If you order this from some place like Amazon and aren't sure which disc you've got, you can see right here along the edge of the discs (this is a combo pack, and the DVD has been corrected, too) where it says "2ND PRESSING." So we finally have this movie in a special edition, uncut and on blu-ray. Happy day for me, because Shivers is still one of my all-time favorite Cronenberg films.

Update 5/14/16 - 9/22/20: Vestron lives!  and they've returned to bring Cronenberg's Shivers into the United States with their latest blu-ray edition.  But is it better or worse than what Arrow's already released?
This movie's like the perfect combination of low brow entertainment and high brow sci-fi/ horror, like he's found the perfect intellectual reasoning to excuse presenting us with exploitation fare by clinically exploring the basest elements of human nature. A futuristic high-rise has to have its own medical facility because it's on an isolated island. But unfortunately, one of their doctors has taken advantage of this situation to get away with some medical experimentation where he implants one of the building's tenants with a parasite that cures them of their sexual inhibitions. Unfortunately, it also turns them dangerously feral, and soon these parasites are spreading from person to person, turning everyone into a violent sex maniac.
It's like Night Of the Living Dead within ultramodern architecture, tackling all the taboo cult film issues Night somehow missed. You've got horror icon Barbara Steele, Lynn Lowry looking like a supermodel and Joe Silver, that great character actor who used to play in all of Cronenberg's old films. You've got some slimy effects work by Joe Blasco - the guy who used to have all those double page ads for his school in Fangoria - including chest bursters years before Alien duplicated them. And of course you've got the clever, subversive imagination of Cronenberg back when he was writing all his original scripts. Forty years later, this movie is one wild ride horror filmmakers today still can't match.
So, like I mentioned, Arrow's 2014/ 2016 Shivers special edition is a combo pack (a steelbook version is also available), so we'll be looking at both their blu-ray and DVD.  I've also got the older 2001 UK DVD from Metrodome, which used to be the best edition of Shivers going - in terms of transfer and special features.  The old 1998 US DVD from Image was fullframe; looking at it here, we can see how far we've come.  And of course, now we have the brand new US blu from Vestron.  All versions are the proper uncut version except the pre-recalled Arrow disc.
Image DVD first, Metrodome DVD second, Arrow DVD third, Arrow BD fourth; Vestron BD fifth.
We start with some big differences right at the outset. Image is fullscreen at about 1.30:1, and open matte, as it has all the same information on the sides, and considerably more on the top and bottom. And the aspect ratio's the same between Metrodome, Arrow and Vestron: 1.78:1, but the two blus manage to find a little more picture on all four sides.  That's nice; but that's probably not what struck your eye first, is it? The newer transfers sure are bright! The whites are really strong, effectively erasing some detail on the papers on Silver's desk in the first set of shots, and turning the whole sky off-white in the second set. Where did the blue sky go? It's there on the Image and Metrodome discs.

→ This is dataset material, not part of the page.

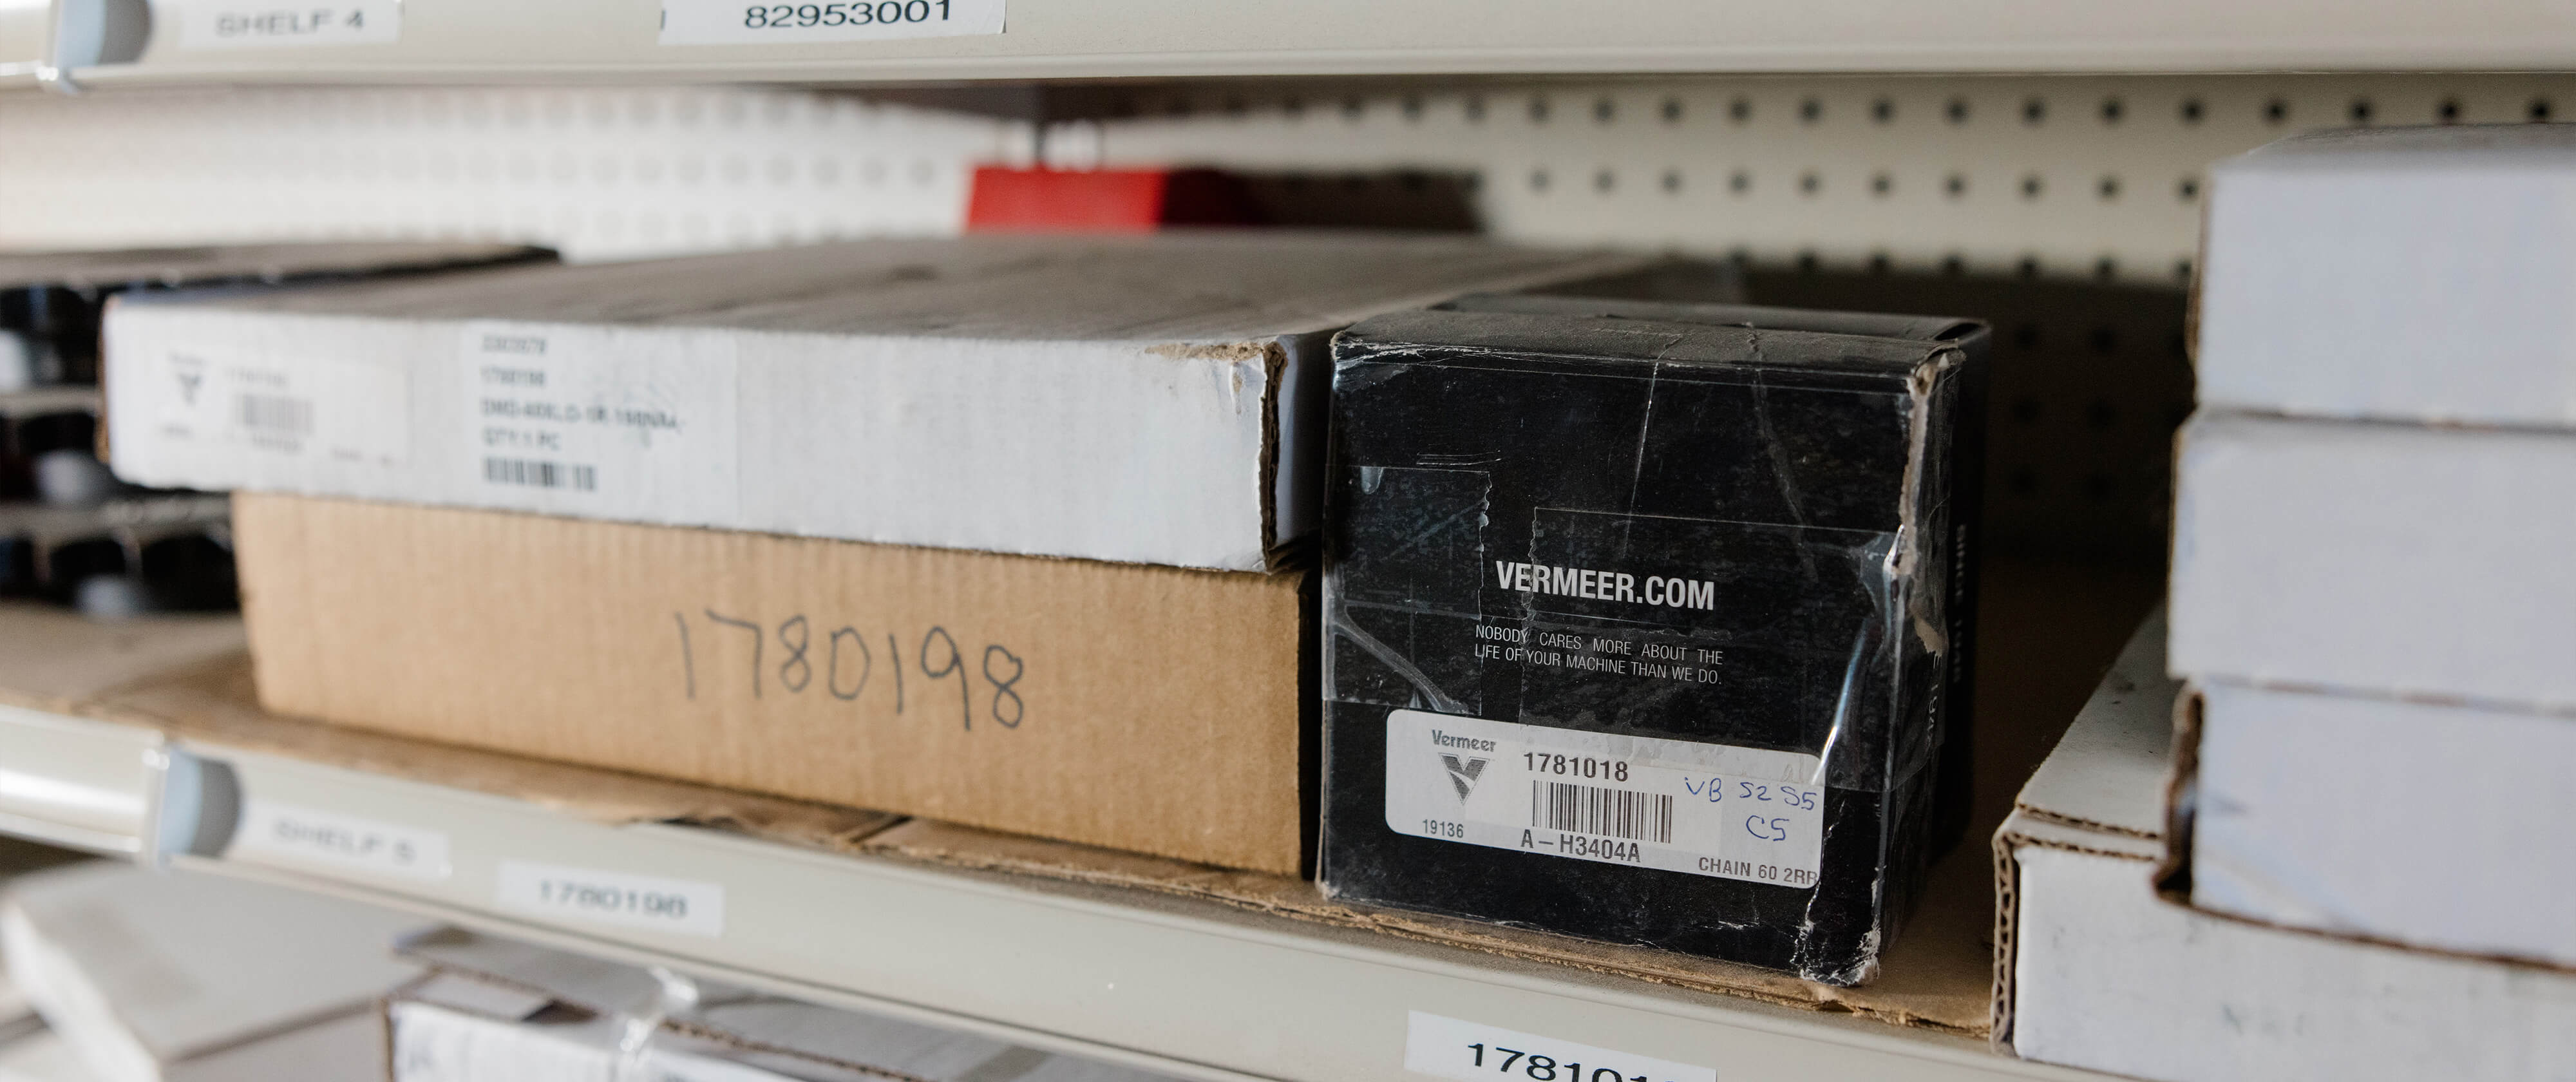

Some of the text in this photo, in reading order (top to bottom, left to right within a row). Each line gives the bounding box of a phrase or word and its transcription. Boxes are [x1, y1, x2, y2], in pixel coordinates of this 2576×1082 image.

Well, Arrow's "ABOUT THE TRANSFER" section of their booklet isn't much help. It just says, "Shivers was restored by the Toronto International Film Festival. Restoration was completed at Technicolor with supervision by David Cronenberg, The restored film was delivered to Arrow Films by Lionsgate." Is it a 2k scan? What elements were used? Don't ask us, TIFF did it. Vestron's packaging is even less illuminating, informing us only that this is a "1080p High Definition" transfer.  Gee, thanks.  Well, I'm guessing the answer lies in the source materials. It looks like they used a print rather than OCN, IP or any other earlier film source. That certainly explains why it would be so contrast-y, just like The Killing Fields blu we looked at recently. And the cigarette burns on the film (see the shot of Allan Kolman at his desk, above) certainly suggest it's a print.
Image DVD first, Metrodome DVD second, Arrow DVD third, Arrow BD fourth; Vestron BD fifth.
All that said, the blus are still the best the film has ever looked. The UK DVD was anamorphic, widescreen and free of the typical interlacing issues we often come across here, but detail is still much clearer and more defined on the blu. Arrow's new DVD is already a clear step up, but it's still soft compared to the more refined blu with distinct grain. Image and Metrodome also look overly blu (surely the papers in the first set of shots are meant to be white not baby blue) and murky in comparison. But were the original film elements lost, or can we expect an even more satisfying restoration some day in the future?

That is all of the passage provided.